Single payer is at least the naked truth -- one single government-run system. Public option is a more convoluted version of the same thing. If two vendors show you identical hamburgers but one is $1 and the other is $2 because it has a tax on it, you will choose the $1 hamburger even though you know that tomorrow the $1 hamburger vendor will be selling it for $3. The $2 vendor goes out of business because he can't sell his $2 hamburger in the face of a tax-free $1 hamburger. Now that the hamburger is a nice tax-free $3, you run back to the $2 vendor. Unfortunately, that vendor is no longer in business. Public option works the same way. There is choice at first but soon there is no choice and single payer becomes the de facto winner.
... putting people on ignore, putting on the headphones, and listening to Mr. Roboto for the rest of the afternoon.
Your question is moot. No one can say what McCain or Hillary would have done. Heck, Obama campaigned that he would do or not do many things and has done just the opposite. All politicians say one thing and do another because, conveniently, conditions change once they achieve office. (And let me warn you in advance I do not have time to do your research in comparing and contrasting).
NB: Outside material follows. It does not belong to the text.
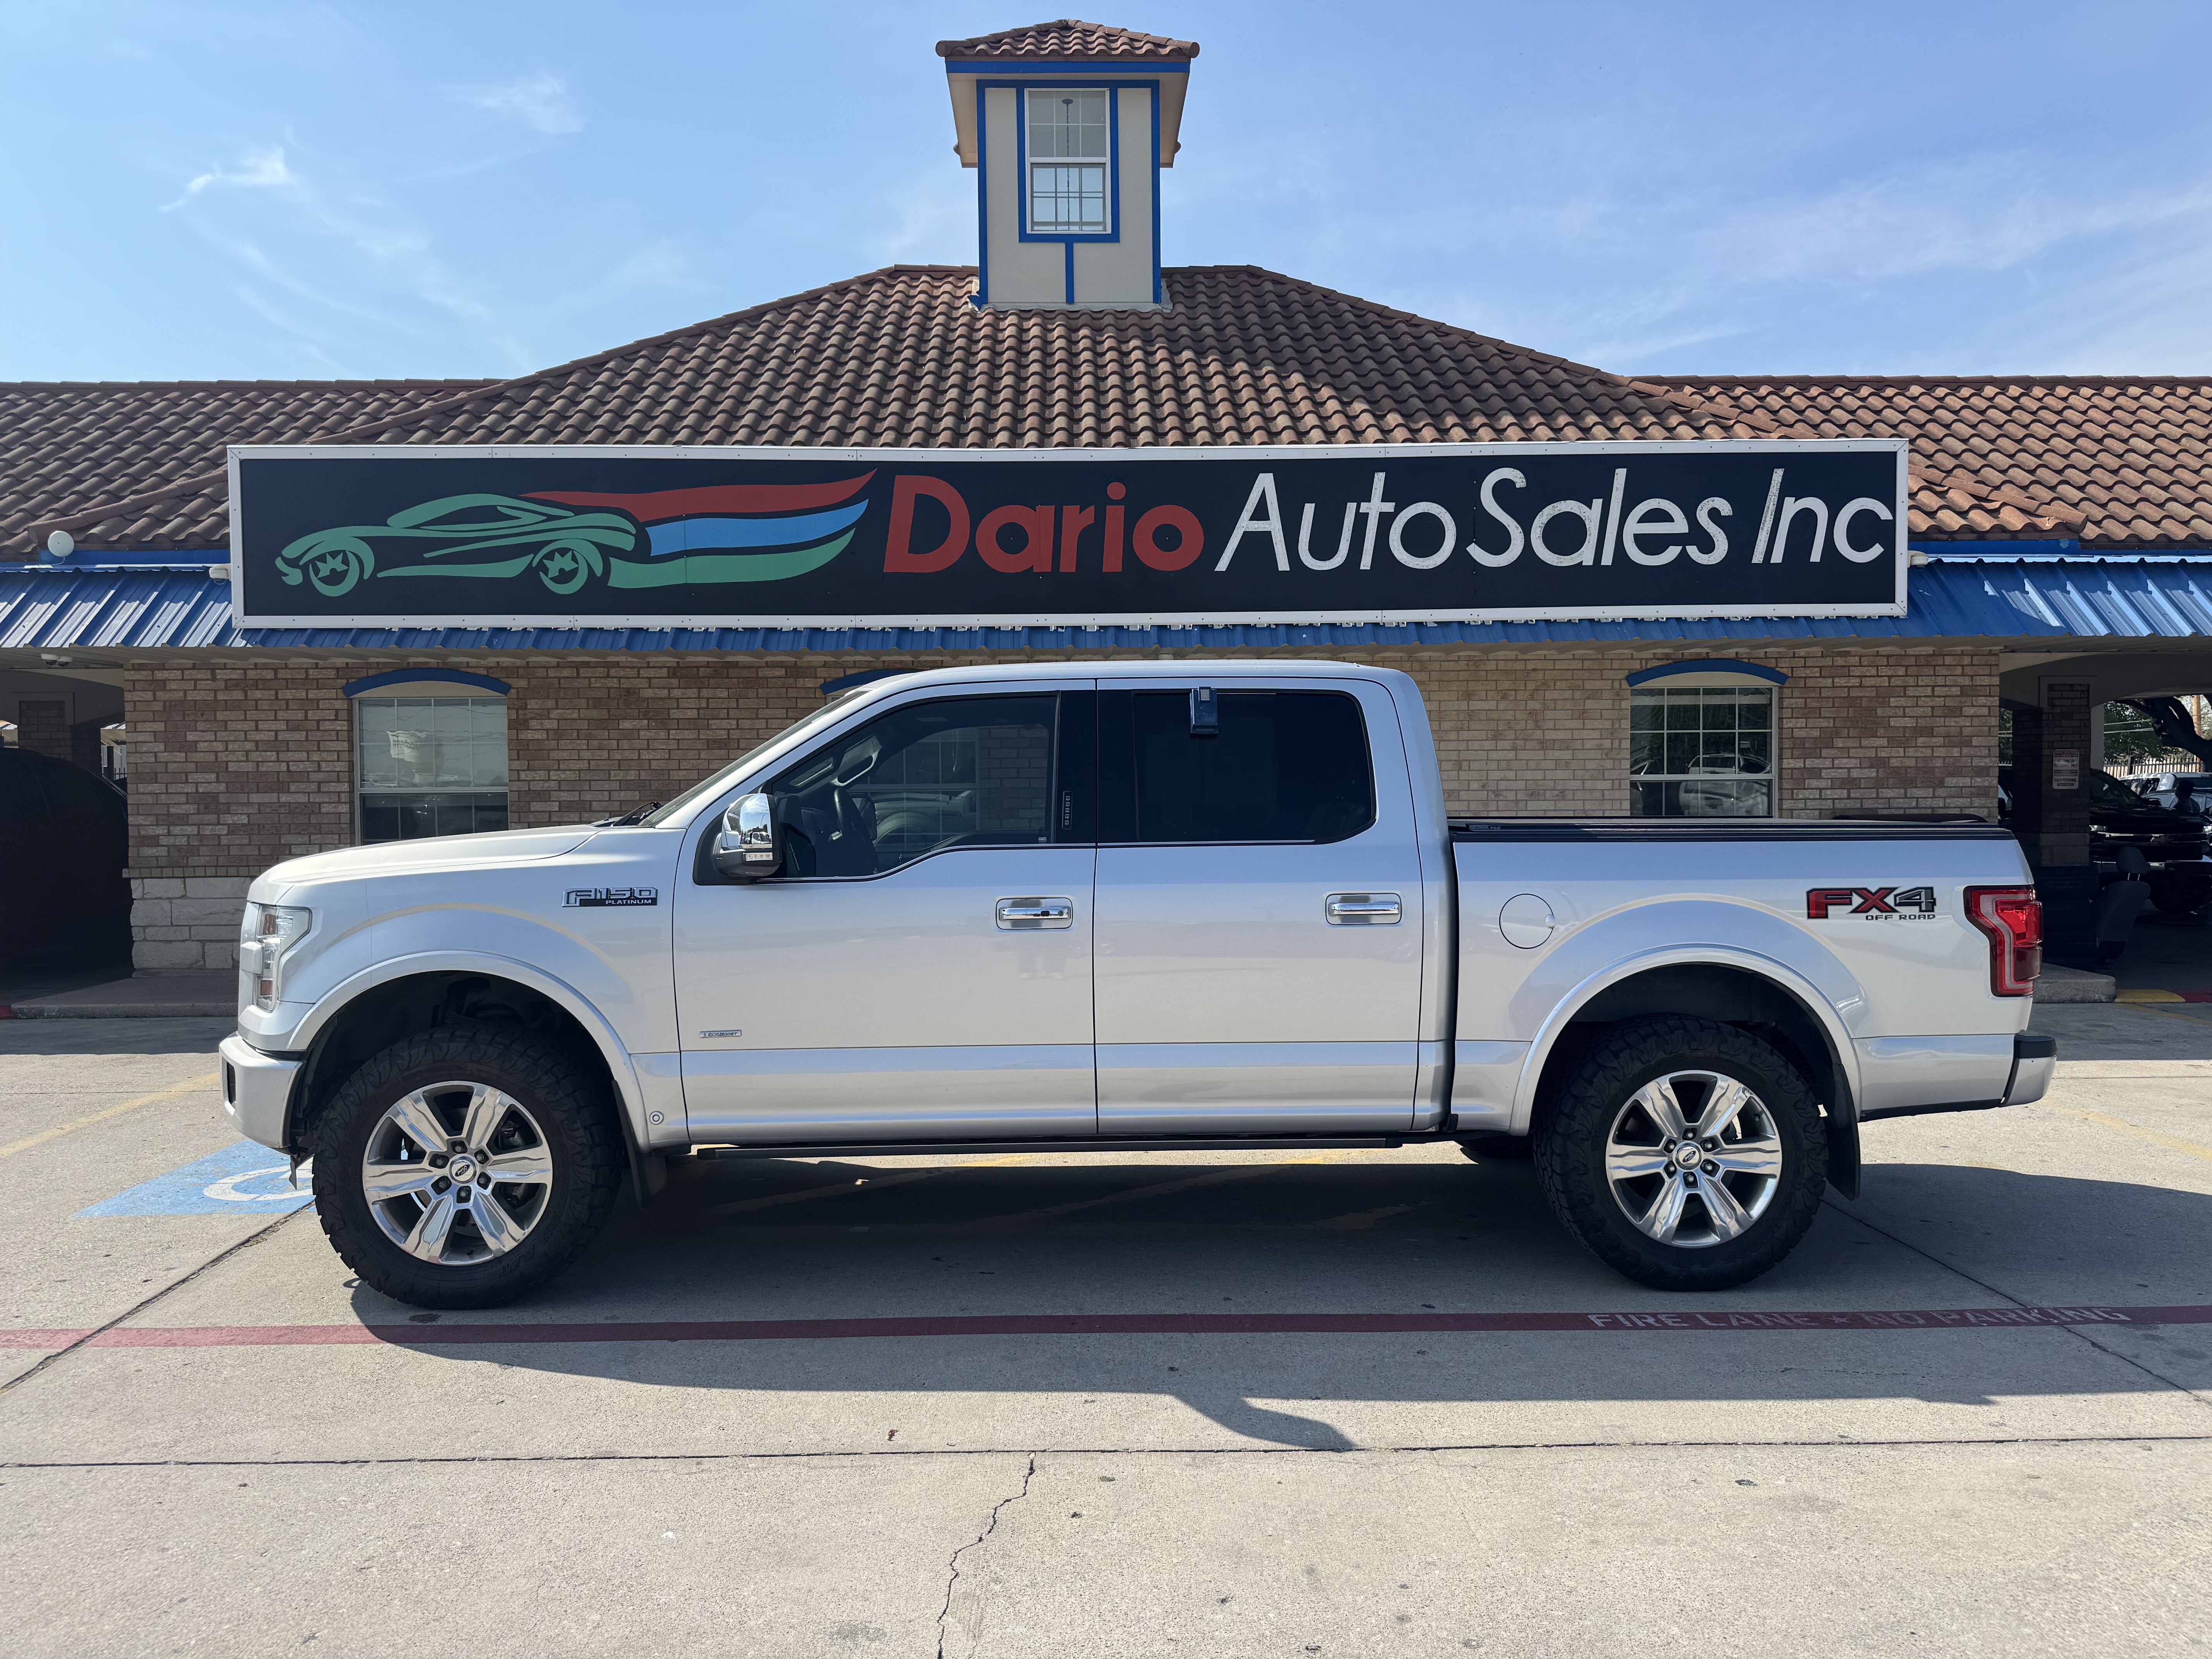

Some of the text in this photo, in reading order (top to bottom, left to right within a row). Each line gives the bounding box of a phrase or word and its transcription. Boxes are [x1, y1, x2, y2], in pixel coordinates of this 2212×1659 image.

Sorry -- just not true. Evidence and logic speak more loudly to some. The "gut" and the "heart" speak more loudly to others. That does not necessarily split on party lines. I'm just talking about individuals. The evidence against Cheney's "cloak of secrecy" is unprecedented. You are free to ignore it and then say you "just know" that Obama is worse, but like so many Iraqi WMD, you have left the world of hard evidence behind.
what is the tax you are referring to that's on private insurers? The idea that private insurers can't compete with a big inefficient gov't bureaucracy is so counter to everything the tea-baggers are saying. They claim big gov't is inefficient - than how the heck is it going to make efficient insurers go out of business? With a tax? What tax? Out of business? You think Hospitals are going to want to see private insurers replaced by the gov't? Think about it. You know what's killing private insurers? It's rising health costs until their margins are squeezed to a few percentage points. If you want to save the insurance industry, you have to go after the source of rising health costs. The insurers are just complicit because they are making money essentially off arbitrage. it's the hospitals and medical supply companies, the pharma industry...these are the folks running away with the loot. You have to put the price pressure on them.
Except they aren't. And the administration has never supported implementing a single payer system. So you're suggesting that the government is more efficient than the private sector? After all, with the way the legislation is written, they will be playing on a level playing field.
Thumbs, now that we know that the public option and the health care reform bills currently in front of congress will actually reduce the deficit, are you now in favor of the health care reform legislation?
What tax are you referring to here? There is no tax. The real situation is this: vendor number one offers a hamburger that costs $6 because he's the only game in town. Then vendor number two steps in and offers a hamburger that only costs $3 because not everyone can afford a $6 hamburger. This $3 burger is not being subsidized by taxes, it is being covered by the $3 that people are paying. However, if vendor #1 is really more efficient than vendor #2, he will either lower his prices in the face of competition, or people will continue to buy the burger at $6 because it is far superior to what is being offered at $3.
Are you really this stupid or are you just pretending? The question is most certainly NOT moot. How can you say that no one can tell what McCain or Hillary Clinton would have done just a couple of pages after you guaranteed us that neither McCain nor Hillary would have "taken the country so far afield from its basic principles"?